Free-text object descriptions

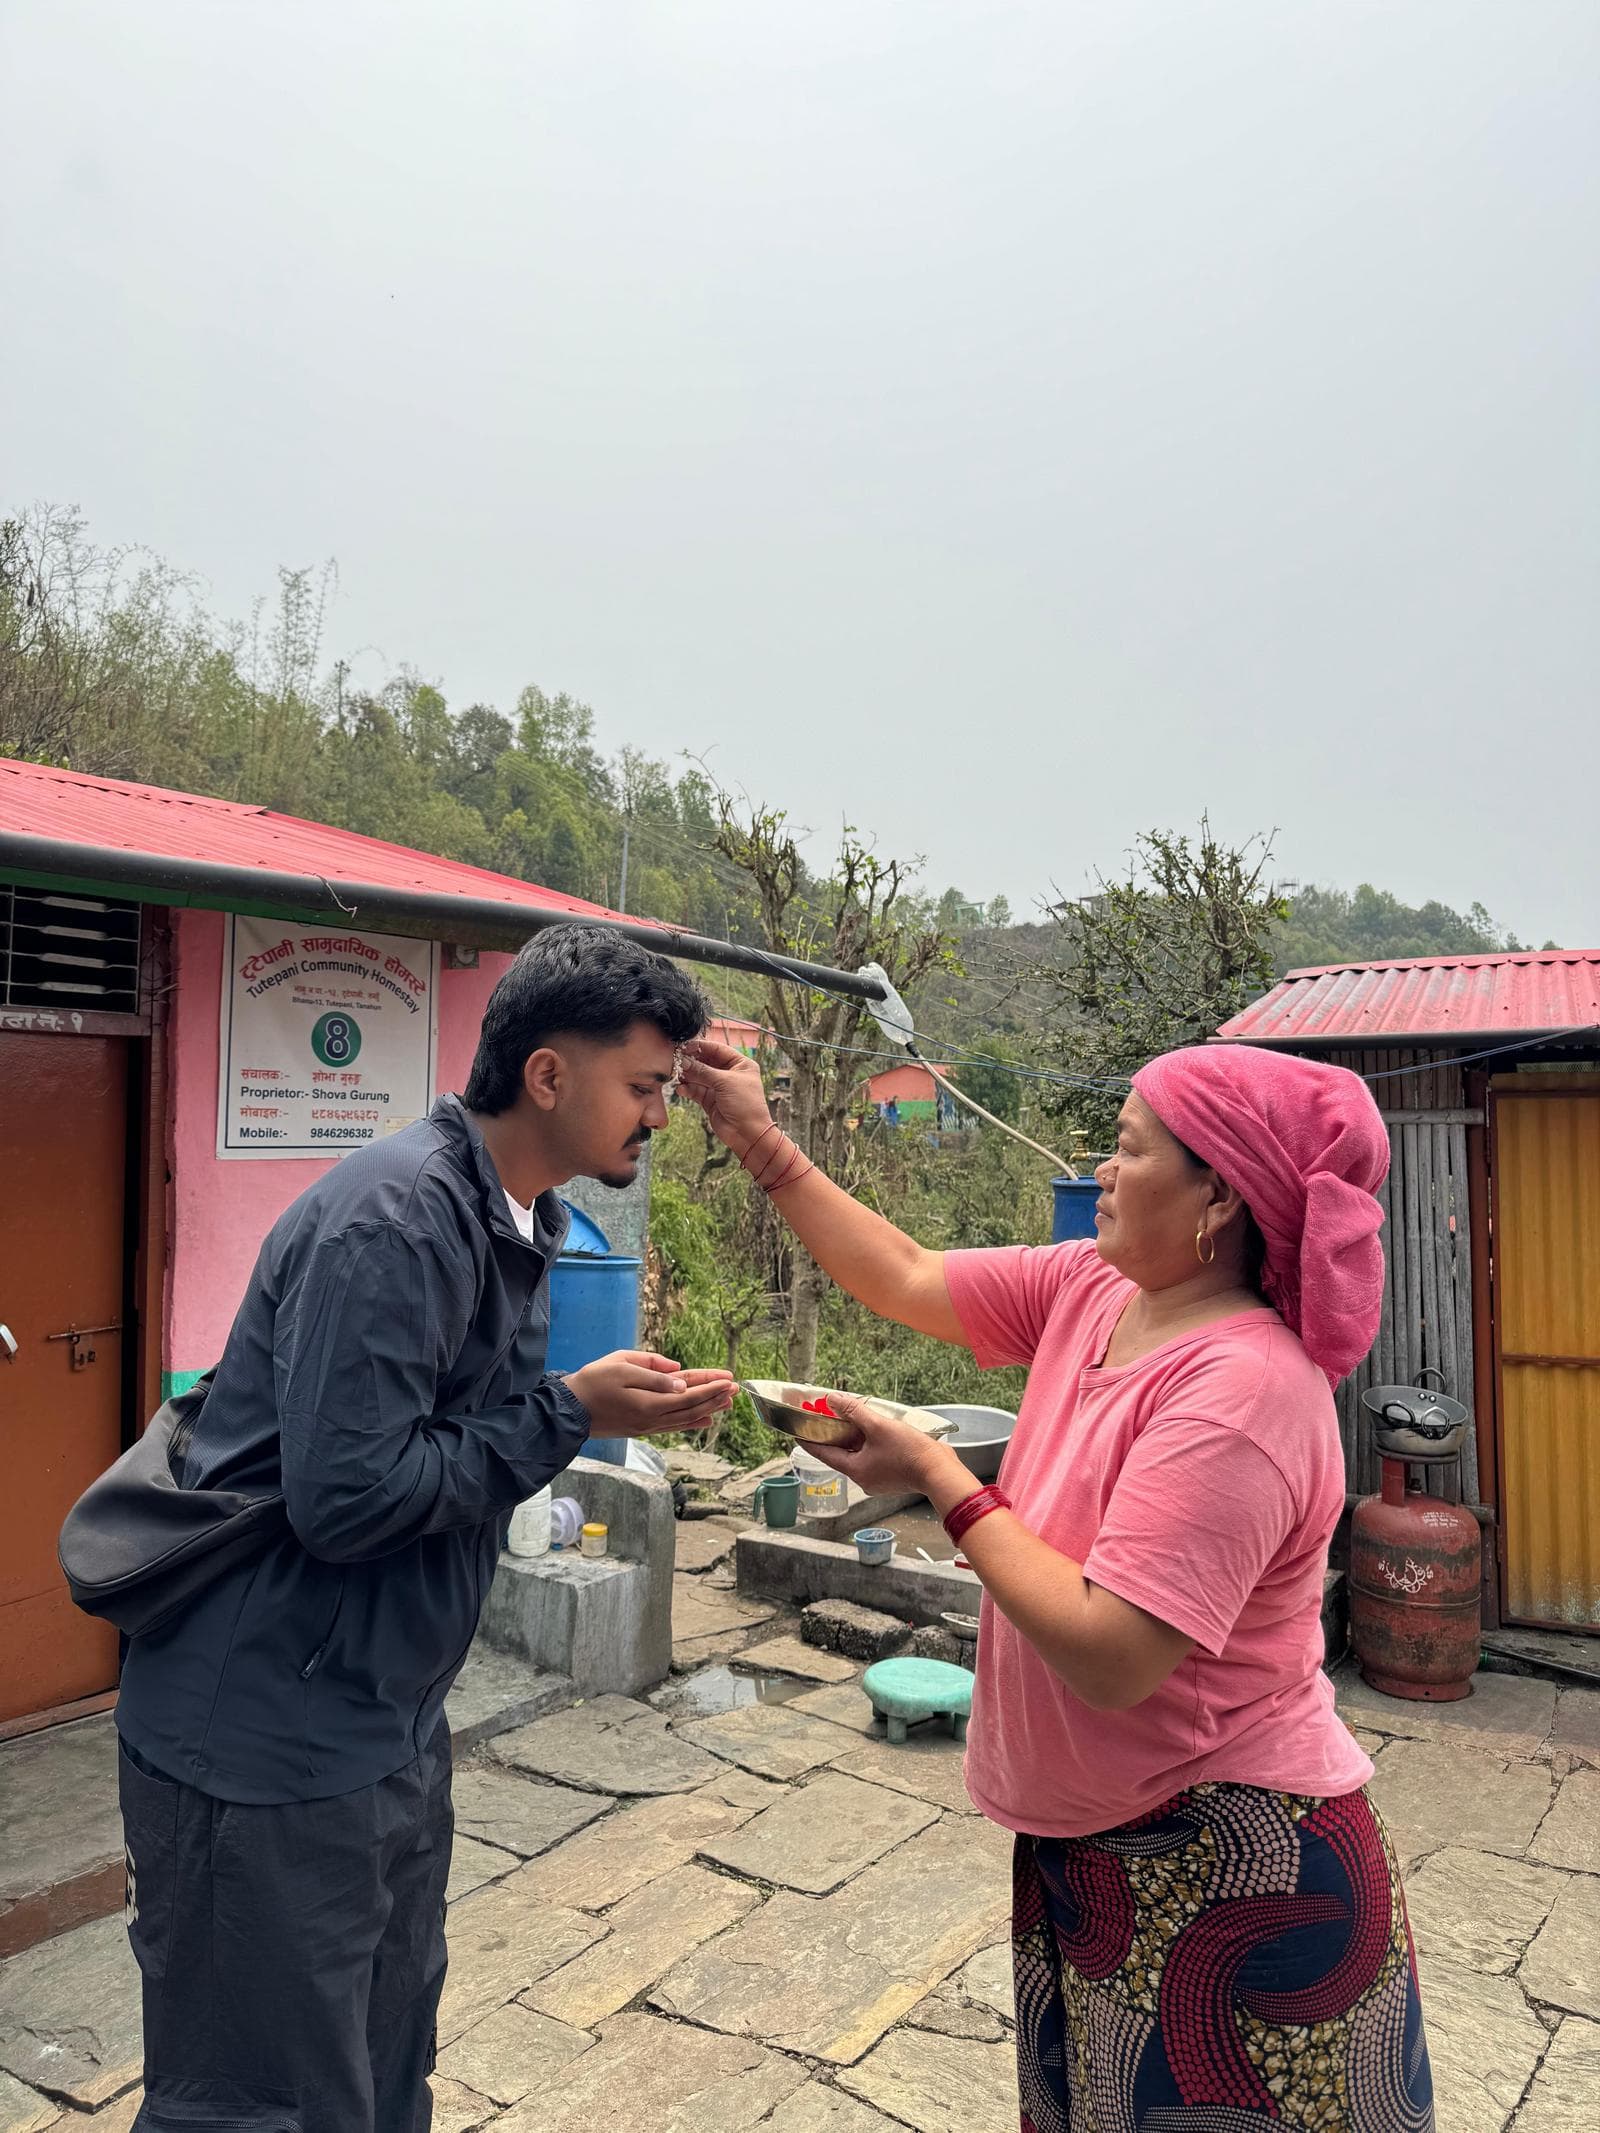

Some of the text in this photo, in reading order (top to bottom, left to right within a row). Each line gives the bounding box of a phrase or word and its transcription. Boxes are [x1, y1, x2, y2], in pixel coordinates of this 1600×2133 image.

[239, 937, 426, 997] टुटेपानी सामुदायिक होमस्टे
[246, 960, 420, 1014] Tutepani Community Homestay
[324, 1017, 351, 1061] 8
[240, 1086, 390, 1103] Proprietor:- Shova Gurung
[239, 1127, 374, 1138] Mobile:- 9846296382
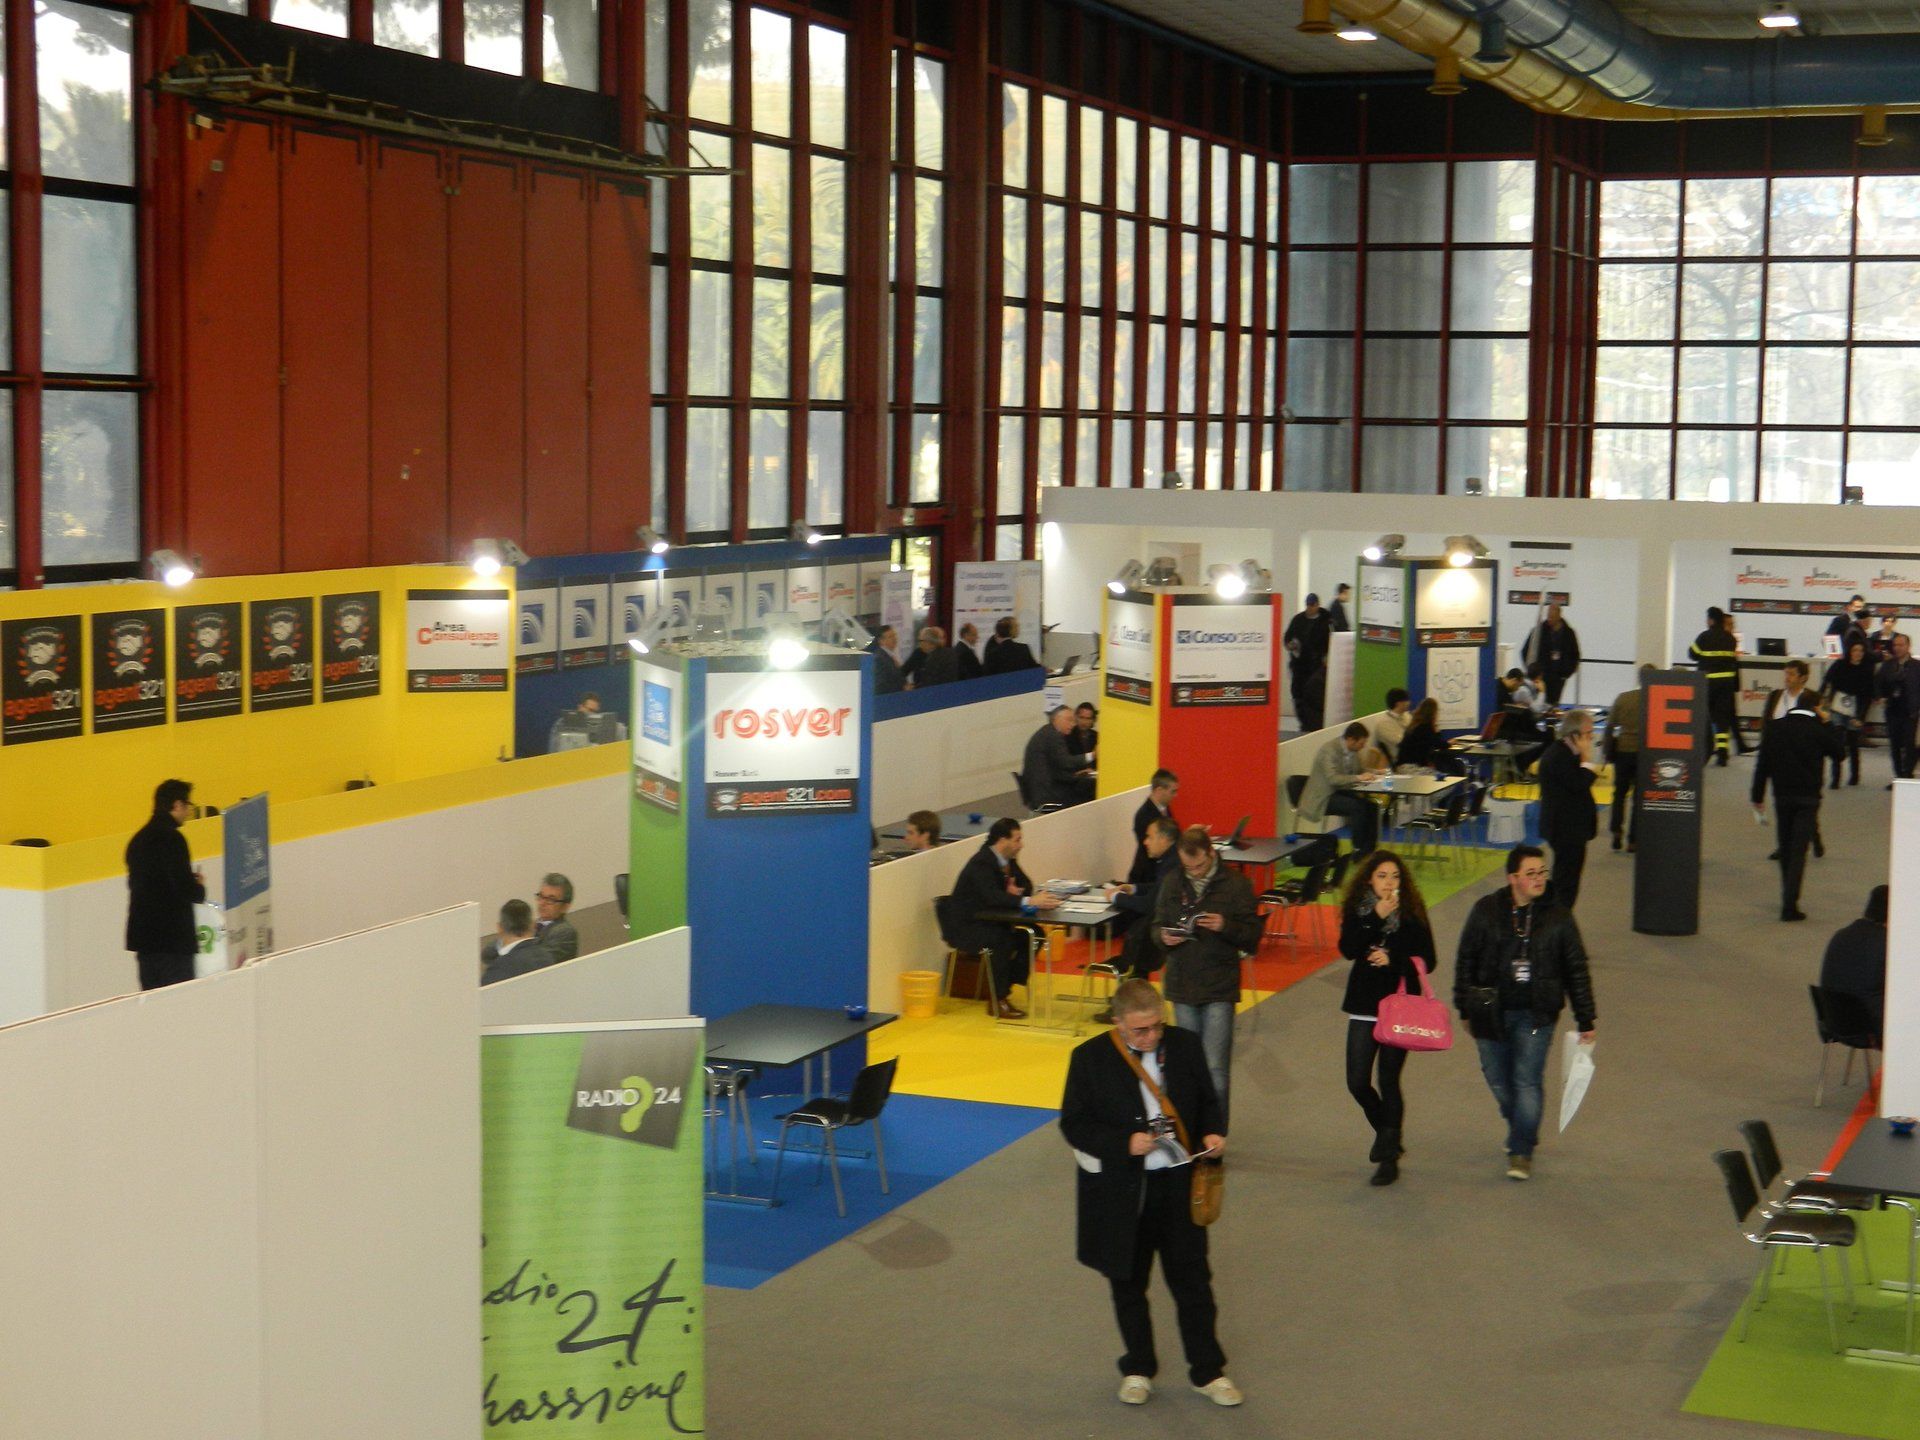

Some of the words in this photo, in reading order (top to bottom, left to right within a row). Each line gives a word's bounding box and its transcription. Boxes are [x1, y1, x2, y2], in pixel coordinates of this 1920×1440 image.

[434, 621, 465, 631] Area
[712, 706, 853, 740] rosver
[1646, 684, 1694, 750] E
[576, 1088, 640, 1108] RADIO
[654, 1086, 682, 1105] 24

Assigned task → All of the lines above should be printed exactly, minus the pictures.

Response area →
Some of the text in this photo, in reading order (top to bottom, left to right within a row). Each line gives the bounding box of a phrase or word and its transcription. Boxes are [x1, y1, x2, y2], in pixel coordinates of this 1600×2133 image.

[239, 937, 426, 997] टुटेपानी सामुदायिक होमस्टे
[246, 960, 420, 1014] Tutepani Community Homestay
[324, 1017, 351, 1061] 8
[240, 1086, 390, 1103] Proprietor:- Shova Gurung
[239, 1127, 374, 1138] Mobile:- 9846296382

Some of the words in this photo, in reading order (top to bottom, left to right within a row). Each line gives a word's bounding box and its transcription. Boxes are [x1, y1, x2, y2], in pixel coordinates of this 1920×1440 image.

[434, 621, 465, 631] Area
[712, 706, 853, 740] rosver
[1646, 684, 1694, 750] E
[576, 1088, 640, 1108] RADIO
[654, 1086, 682, 1105] 24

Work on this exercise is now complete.